Text-to-region grounding data:
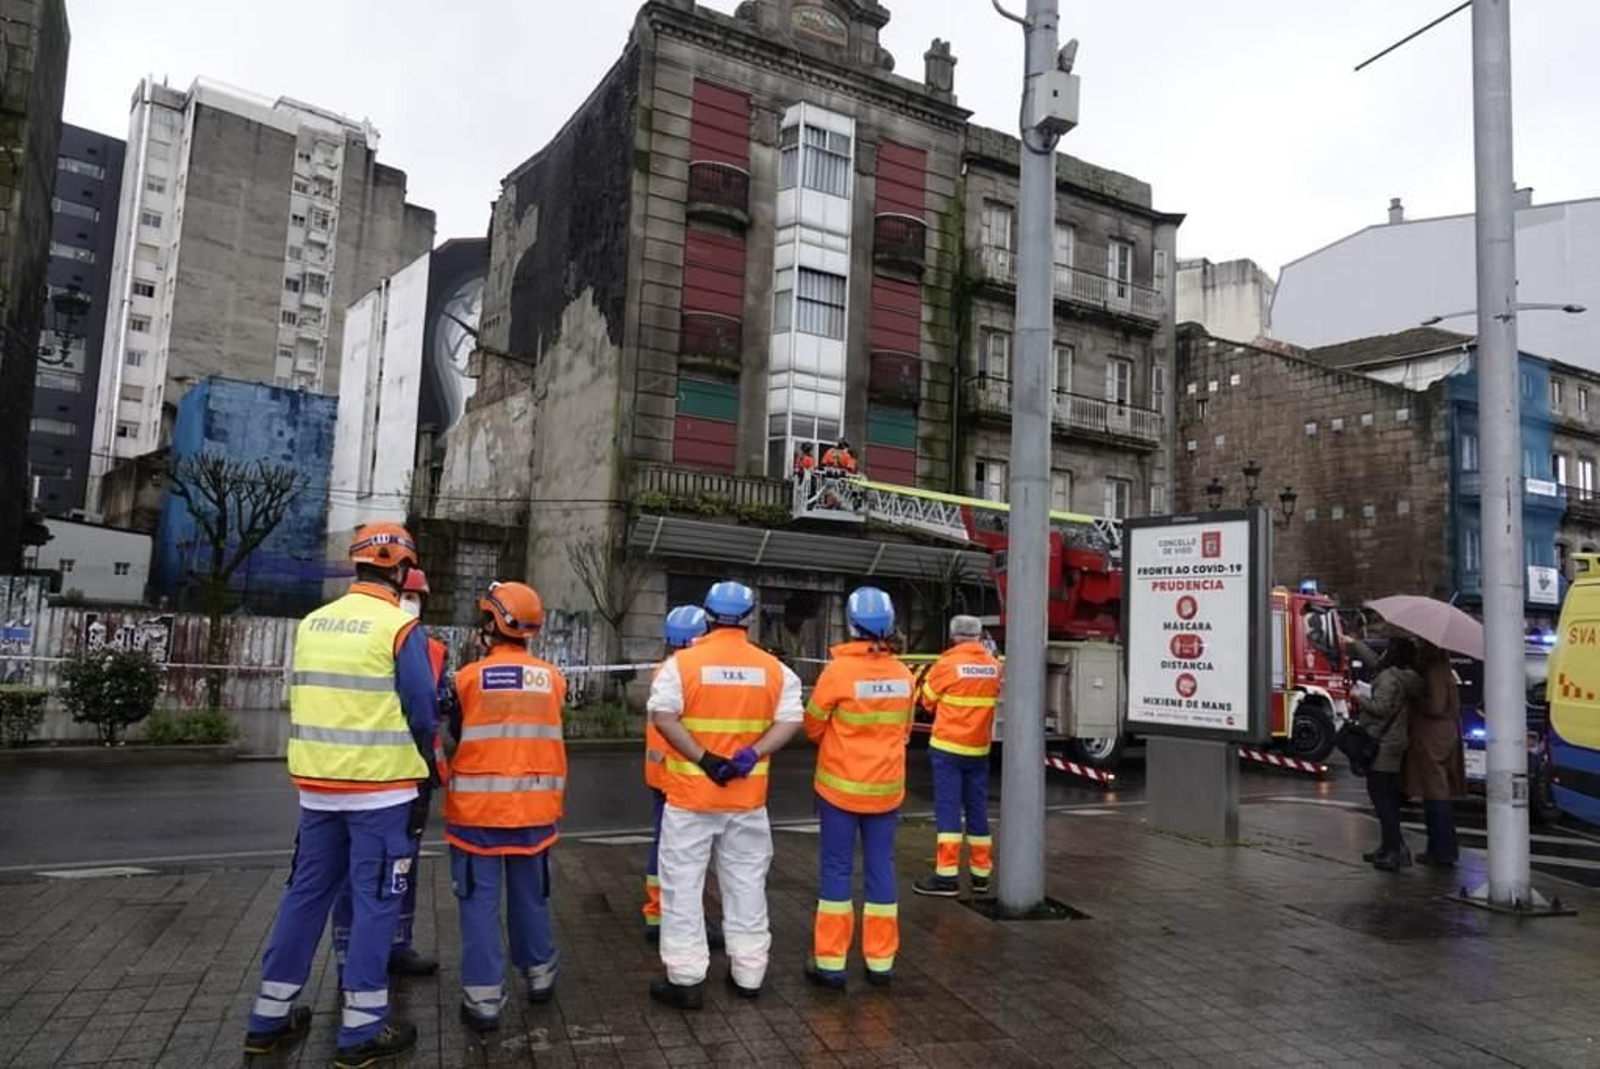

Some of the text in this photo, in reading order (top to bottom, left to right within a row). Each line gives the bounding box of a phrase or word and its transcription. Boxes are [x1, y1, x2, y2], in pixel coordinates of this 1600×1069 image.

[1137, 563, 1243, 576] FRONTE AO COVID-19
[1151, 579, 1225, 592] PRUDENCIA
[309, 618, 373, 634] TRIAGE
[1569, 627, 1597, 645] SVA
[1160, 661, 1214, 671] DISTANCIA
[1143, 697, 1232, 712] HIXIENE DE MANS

### What the exercise asks
Your copy should repeat each entry above exactly but contain no pictures.

### Answer to this task
Some of the text in this photo, in reading order (top to bottom, left to right within a row). Each line gives the bounding box of a phrase or word and its transcription. Boxes are [x1, y1, x2, y2], in pixel coordinates of this 1600×1069 image.

[1137, 563, 1243, 576] FRONTE AO COVID-19
[1151, 579, 1225, 592] PRUDENCIA
[309, 618, 373, 634] TRIAGE
[1569, 627, 1597, 645] SVA
[1160, 661, 1214, 671] DISTANCIA
[1143, 697, 1232, 712] HIXIENE DE MANS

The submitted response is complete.